=== What to work on ===
Nothing other than the lines from the one containing "this 1124×1996 image." through the last line of the data below should be output, each reproduced exactly.
** Opening Material for this exercise block **
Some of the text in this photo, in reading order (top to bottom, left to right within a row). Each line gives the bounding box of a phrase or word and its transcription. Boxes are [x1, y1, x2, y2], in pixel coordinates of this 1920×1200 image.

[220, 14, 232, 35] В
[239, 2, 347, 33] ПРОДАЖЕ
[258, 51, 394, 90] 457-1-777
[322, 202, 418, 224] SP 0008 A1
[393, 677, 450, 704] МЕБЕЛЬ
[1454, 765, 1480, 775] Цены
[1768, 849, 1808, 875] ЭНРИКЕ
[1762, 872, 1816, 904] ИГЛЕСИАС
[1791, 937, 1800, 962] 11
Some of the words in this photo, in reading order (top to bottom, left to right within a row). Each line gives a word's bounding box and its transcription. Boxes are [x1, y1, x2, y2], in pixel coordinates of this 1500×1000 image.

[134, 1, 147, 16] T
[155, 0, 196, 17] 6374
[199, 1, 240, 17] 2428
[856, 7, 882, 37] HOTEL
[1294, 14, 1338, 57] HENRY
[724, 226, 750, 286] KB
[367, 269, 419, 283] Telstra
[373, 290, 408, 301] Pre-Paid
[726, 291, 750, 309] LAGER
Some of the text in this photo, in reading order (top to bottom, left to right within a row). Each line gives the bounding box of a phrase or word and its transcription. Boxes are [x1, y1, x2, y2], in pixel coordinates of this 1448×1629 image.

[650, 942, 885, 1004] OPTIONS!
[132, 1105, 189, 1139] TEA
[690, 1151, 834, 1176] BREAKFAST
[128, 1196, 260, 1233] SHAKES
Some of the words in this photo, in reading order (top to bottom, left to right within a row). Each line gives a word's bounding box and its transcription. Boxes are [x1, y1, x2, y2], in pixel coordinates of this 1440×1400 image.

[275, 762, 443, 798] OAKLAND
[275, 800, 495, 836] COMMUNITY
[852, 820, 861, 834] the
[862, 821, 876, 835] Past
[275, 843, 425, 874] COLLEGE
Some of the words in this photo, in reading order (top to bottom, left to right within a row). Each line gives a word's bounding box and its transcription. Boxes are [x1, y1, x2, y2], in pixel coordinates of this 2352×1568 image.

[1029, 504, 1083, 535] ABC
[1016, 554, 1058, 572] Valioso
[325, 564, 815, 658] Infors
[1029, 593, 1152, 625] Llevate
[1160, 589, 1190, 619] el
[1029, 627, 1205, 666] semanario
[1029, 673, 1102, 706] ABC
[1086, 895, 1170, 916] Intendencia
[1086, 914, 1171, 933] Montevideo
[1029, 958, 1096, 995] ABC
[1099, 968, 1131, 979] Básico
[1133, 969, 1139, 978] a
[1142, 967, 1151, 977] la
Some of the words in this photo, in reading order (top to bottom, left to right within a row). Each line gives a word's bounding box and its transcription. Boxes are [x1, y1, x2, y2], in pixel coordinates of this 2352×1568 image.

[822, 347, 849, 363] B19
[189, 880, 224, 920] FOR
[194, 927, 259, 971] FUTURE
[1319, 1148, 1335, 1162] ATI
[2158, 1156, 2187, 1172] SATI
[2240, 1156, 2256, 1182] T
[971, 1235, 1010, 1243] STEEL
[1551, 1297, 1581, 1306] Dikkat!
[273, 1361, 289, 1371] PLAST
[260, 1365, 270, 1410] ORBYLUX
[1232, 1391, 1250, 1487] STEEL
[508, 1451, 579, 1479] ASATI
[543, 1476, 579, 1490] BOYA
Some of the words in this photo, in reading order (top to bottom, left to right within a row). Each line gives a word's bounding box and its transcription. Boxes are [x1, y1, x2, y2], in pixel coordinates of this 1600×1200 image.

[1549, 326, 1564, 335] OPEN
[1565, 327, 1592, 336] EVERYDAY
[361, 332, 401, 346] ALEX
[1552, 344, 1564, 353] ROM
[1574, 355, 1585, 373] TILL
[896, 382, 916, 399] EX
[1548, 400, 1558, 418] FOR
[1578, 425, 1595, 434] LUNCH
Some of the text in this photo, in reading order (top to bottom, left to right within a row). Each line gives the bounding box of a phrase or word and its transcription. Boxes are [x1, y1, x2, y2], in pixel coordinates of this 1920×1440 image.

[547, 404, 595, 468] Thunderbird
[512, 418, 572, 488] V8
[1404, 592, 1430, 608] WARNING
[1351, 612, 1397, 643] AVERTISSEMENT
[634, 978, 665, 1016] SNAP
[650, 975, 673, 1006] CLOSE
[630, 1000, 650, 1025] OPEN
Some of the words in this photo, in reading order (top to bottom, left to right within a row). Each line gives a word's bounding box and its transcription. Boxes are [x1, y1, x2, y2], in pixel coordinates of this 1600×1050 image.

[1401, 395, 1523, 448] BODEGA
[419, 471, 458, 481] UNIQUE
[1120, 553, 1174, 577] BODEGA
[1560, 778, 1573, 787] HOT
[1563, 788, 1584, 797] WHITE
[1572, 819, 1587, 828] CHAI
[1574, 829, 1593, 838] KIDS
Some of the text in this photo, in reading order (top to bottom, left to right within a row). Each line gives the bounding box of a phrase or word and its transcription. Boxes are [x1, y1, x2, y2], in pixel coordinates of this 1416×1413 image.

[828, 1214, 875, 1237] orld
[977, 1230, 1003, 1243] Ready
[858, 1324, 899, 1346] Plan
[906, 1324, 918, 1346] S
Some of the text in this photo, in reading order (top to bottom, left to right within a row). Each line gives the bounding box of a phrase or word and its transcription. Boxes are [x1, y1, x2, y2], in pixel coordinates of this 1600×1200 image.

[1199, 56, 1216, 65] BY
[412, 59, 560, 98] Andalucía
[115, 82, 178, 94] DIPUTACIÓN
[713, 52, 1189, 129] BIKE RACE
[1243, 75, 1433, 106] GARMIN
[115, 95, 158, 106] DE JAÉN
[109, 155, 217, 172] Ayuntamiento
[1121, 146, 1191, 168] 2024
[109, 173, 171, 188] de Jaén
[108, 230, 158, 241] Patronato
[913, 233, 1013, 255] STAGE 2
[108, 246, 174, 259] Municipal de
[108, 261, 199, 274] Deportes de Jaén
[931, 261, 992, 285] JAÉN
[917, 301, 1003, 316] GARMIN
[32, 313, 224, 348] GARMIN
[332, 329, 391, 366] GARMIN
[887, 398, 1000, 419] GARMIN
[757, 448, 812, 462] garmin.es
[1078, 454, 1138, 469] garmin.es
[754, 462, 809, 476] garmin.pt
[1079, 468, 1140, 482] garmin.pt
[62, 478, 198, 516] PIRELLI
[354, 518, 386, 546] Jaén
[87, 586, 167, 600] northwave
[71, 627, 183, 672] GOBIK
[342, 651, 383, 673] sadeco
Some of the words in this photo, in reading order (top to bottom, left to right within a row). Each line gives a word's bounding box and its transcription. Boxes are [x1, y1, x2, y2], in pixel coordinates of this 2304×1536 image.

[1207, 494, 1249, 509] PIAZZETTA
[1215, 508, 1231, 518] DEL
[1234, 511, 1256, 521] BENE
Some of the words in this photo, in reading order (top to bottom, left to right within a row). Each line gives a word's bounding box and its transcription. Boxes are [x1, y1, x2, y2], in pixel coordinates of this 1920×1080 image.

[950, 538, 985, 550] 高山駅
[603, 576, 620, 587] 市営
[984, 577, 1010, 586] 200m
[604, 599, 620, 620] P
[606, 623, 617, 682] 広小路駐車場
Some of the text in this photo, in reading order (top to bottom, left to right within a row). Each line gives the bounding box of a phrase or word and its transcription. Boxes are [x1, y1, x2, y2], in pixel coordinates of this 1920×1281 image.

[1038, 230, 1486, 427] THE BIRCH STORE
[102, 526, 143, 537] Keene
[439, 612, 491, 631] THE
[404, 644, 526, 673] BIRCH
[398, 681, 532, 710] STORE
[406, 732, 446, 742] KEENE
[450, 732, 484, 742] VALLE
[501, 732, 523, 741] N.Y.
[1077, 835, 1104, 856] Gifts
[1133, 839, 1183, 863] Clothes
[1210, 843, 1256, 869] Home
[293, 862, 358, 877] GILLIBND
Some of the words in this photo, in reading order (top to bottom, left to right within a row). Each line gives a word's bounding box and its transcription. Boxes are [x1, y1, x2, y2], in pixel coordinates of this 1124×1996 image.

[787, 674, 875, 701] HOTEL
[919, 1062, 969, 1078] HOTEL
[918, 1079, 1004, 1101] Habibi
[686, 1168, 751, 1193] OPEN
** Closing Material for this exercise block **
=== Solution to this exercise ===
Some of the words in this photo, in reading order (top to bottom, left to right within a row). Each line gives a word's bounding box and its transcription. Boxes are [x1, y1, x2, y2], in pixel coordinates of this 1124×1996 image.

[787, 674, 875, 701] HOTEL
[919, 1062, 969, 1078] HOTEL
[918, 1079, 1004, 1101] Habibi
[686, 1168, 751, 1193] OPEN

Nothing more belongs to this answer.